Work instructions: An exact restatement of the records below is expected.

Dataset entries:
%%

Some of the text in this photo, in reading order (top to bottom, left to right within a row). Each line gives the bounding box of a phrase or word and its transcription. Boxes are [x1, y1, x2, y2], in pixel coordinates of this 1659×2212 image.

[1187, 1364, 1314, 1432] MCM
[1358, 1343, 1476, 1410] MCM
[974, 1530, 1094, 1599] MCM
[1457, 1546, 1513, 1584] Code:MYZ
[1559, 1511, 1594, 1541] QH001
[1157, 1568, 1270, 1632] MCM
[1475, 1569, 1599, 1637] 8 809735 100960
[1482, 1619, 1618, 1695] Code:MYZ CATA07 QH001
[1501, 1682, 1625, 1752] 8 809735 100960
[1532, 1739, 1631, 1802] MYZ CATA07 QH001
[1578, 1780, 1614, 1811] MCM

%%

Solution to the exercise:
Some of the text in this photo, in reading order (top to bottom, left to right within a row). Each line gives the bounding box of a phrase or word and its transcription. Boxes are [x1, y1, x2, y2], in pixel coordinates of this 1659×2212 image.

[1187, 1364, 1314, 1432] MCM
[1358, 1343, 1476, 1410] MCM
[974, 1530, 1094, 1599] MCM
[1457, 1546, 1513, 1584] Code:MYZ
[1559, 1511, 1594, 1541] QH001
[1157, 1568, 1270, 1632] MCM
[1475, 1569, 1599, 1637] 8 809735 100960
[1482, 1619, 1618, 1695] Code:MYZ CATA07 QH001
[1501, 1682, 1625, 1752] 8 809735 100960
[1532, 1739, 1631, 1802] MYZ CATA07 QH001
[1578, 1780, 1614, 1811] MCM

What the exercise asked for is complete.